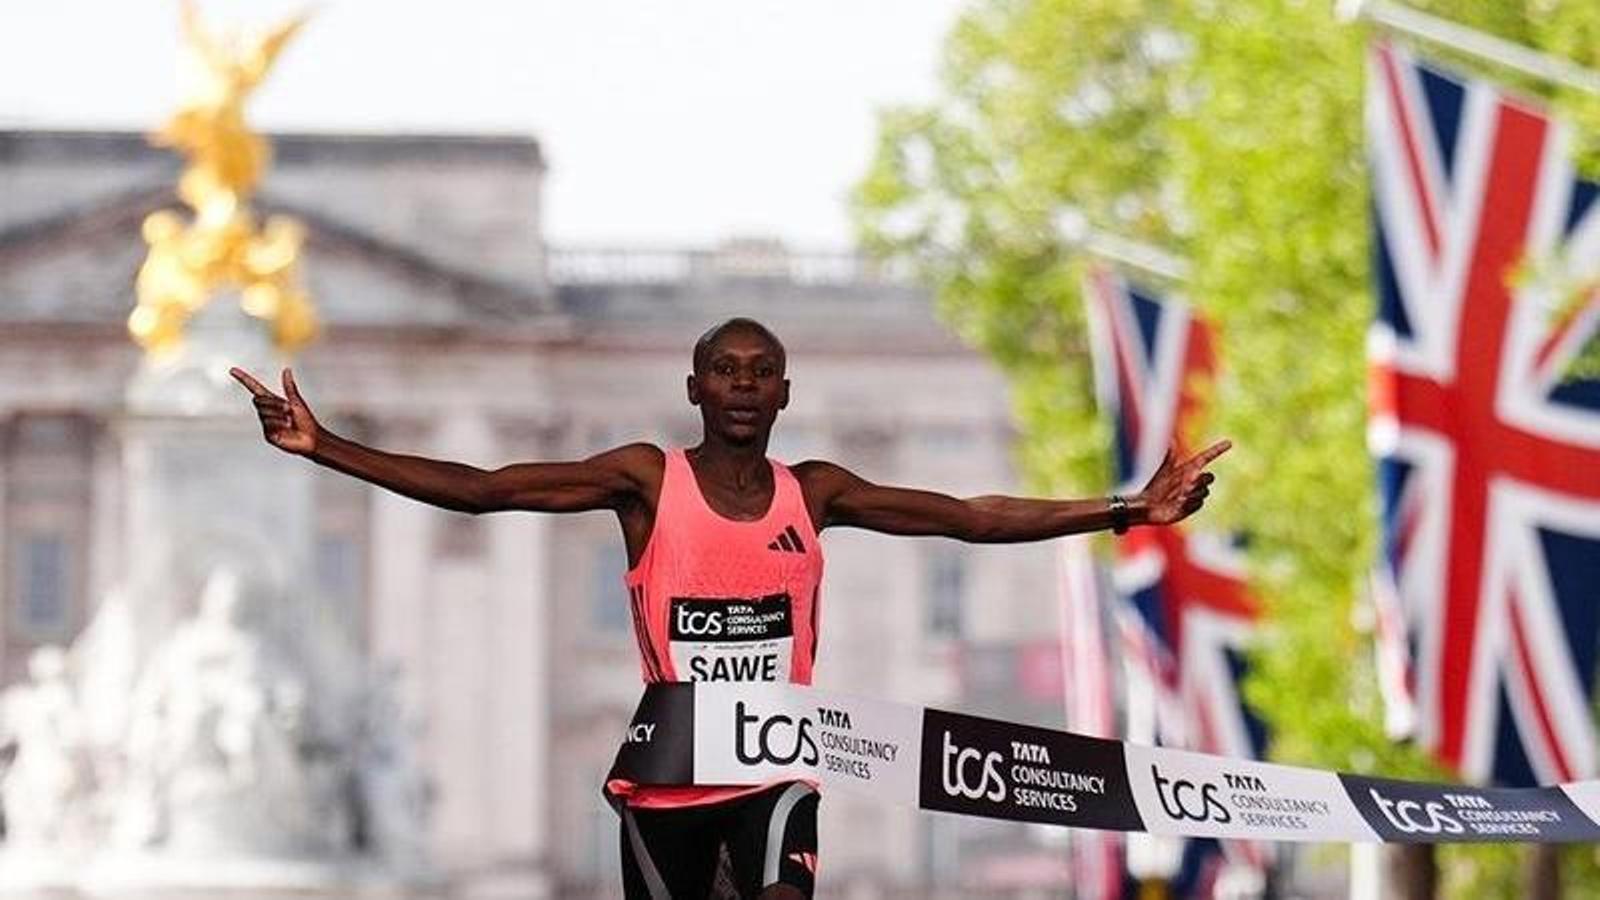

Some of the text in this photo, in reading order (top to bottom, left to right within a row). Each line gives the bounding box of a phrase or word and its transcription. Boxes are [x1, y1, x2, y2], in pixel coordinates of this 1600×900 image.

[677, 604, 722, 634] tcs
[727, 605, 754, 615] TATA
[726, 624, 768, 636] SERVICES
[690, 654, 778, 682] SAWE
[817, 707, 850, 730] TATA
[735, 701, 820, 767] tcs
[820, 730, 899, 762] CONSULTANCY
[1011, 741, 1050, 765] TATA
[824, 752, 871, 780] SERVICES
[942, 730, 1007, 803] tcs
[1010, 765, 1105, 795] CONSULTANCY
[1223, 773, 1266, 793] TATA
[1013, 787, 1078, 812] SERVICES
[1151, 763, 1231, 824] tcs
[1230, 793, 1330, 817] CONSULTANCY
[1442, 793, 1493, 810] TATA
[1239, 811, 1308, 830] SERVICES
[1369, 787, 1464, 834] tcs
[1457, 809, 1562, 824] CONSULTANCY
[1469, 822, 1541, 836] SERVICES
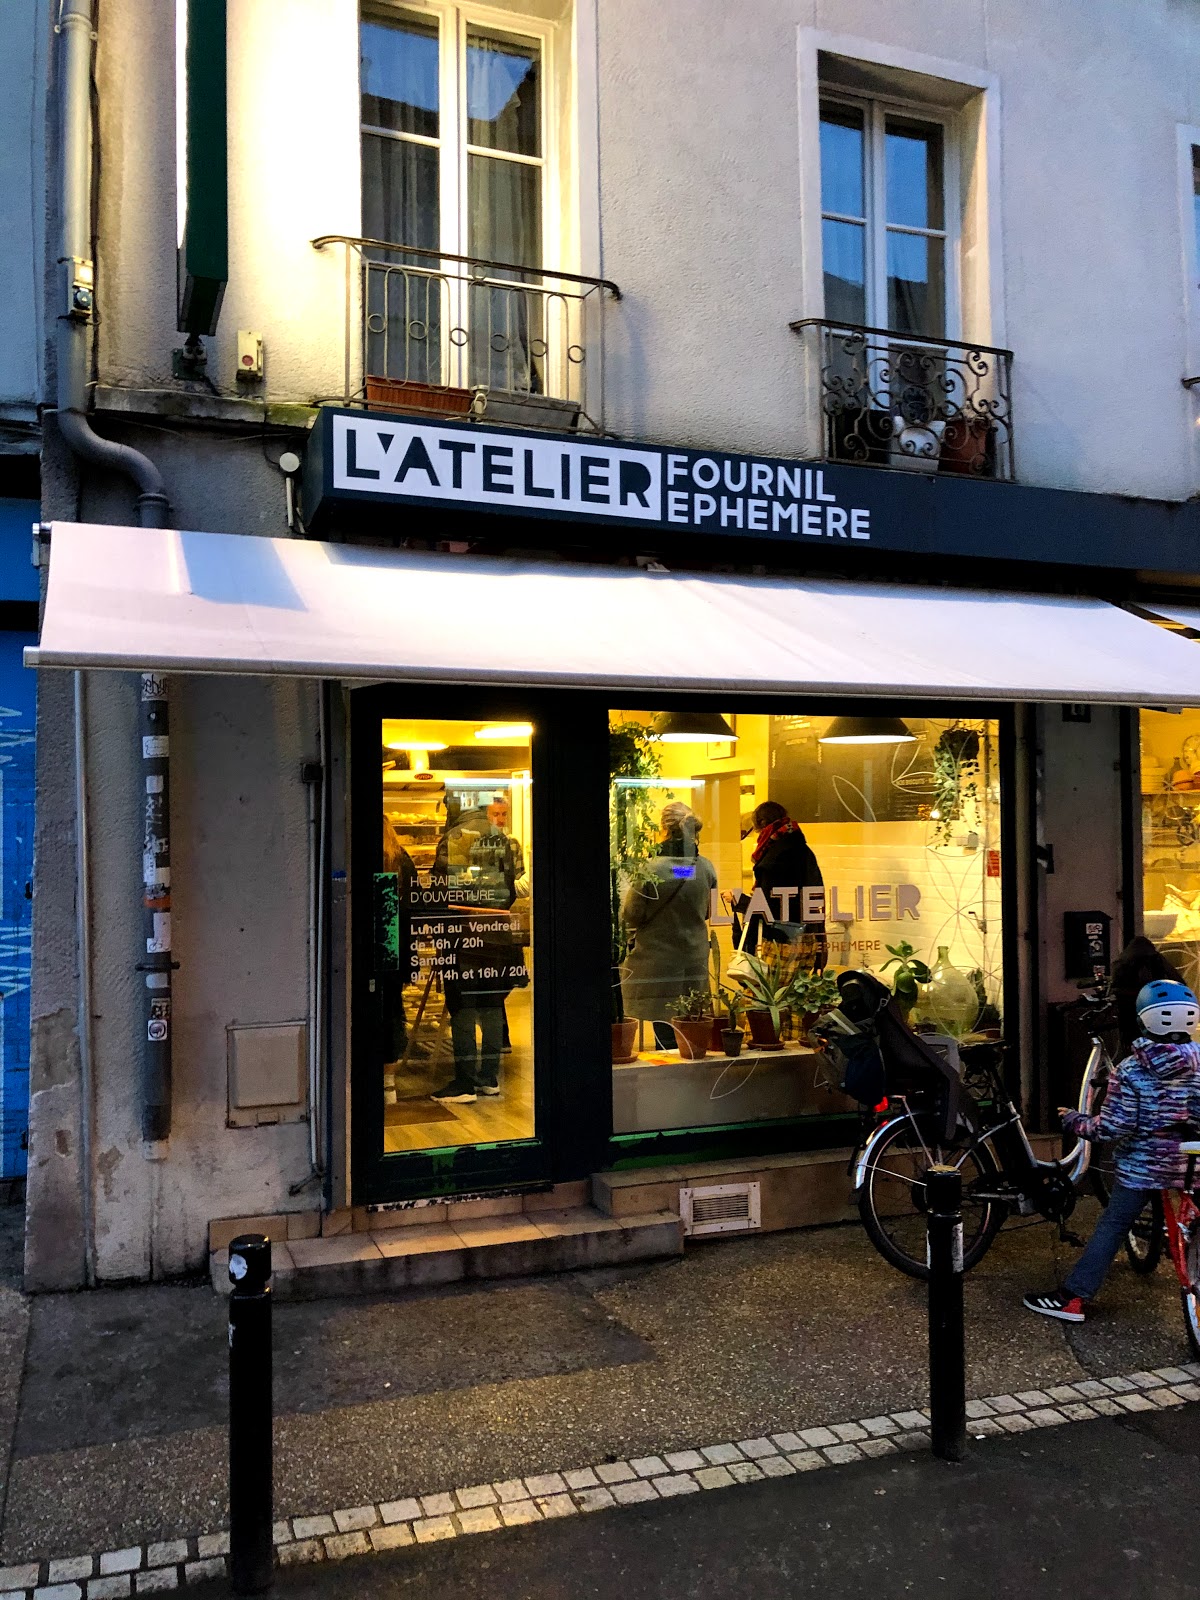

What this task involves → Restate the full listing verbatim and drop every picture.

Answer →
Some of the text in this photo, in reading order (top to bottom, left to right within a row). Each line gives the bounding box of a phrase or word and its transcription. Boxes are [x1, y1, x2, y2], in pixel coordinates of this 1600×900 image.

[677, 604, 722, 634] tcs
[727, 605, 754, 615] TATA
[726, 624, 768, 636] SERVICES
[690, 654, 778, 682] SAWE
[817, 707, 850, 730] TATA
[735, 701, 820, 767] tcs
[820, 730, 899, 762] CONSULTANCY
[1011, 741, 1050, 765] TATA
[824, 752, 871, 780] SERVICES
[942, 730, 1007, 803] tcs
[1010, 765, 1105, 795] CONSULTANCY
[1223, 773, 1266, 793] TATA
[1013, 787, 1078, 812] SERVICES
[1151, 763, 1231, 824] tcs
[1230, 793, 1330, 817] CONSULTANCY
[1442, 793, 1493, 810] TATA
[1239, 811, 1308, 830] SERVICES
[1369, 787, 1464, 834] tcs
[1457, 809, 1562, 824] CONSULTANCY
[1469, 822, 1541, 836] SERVICES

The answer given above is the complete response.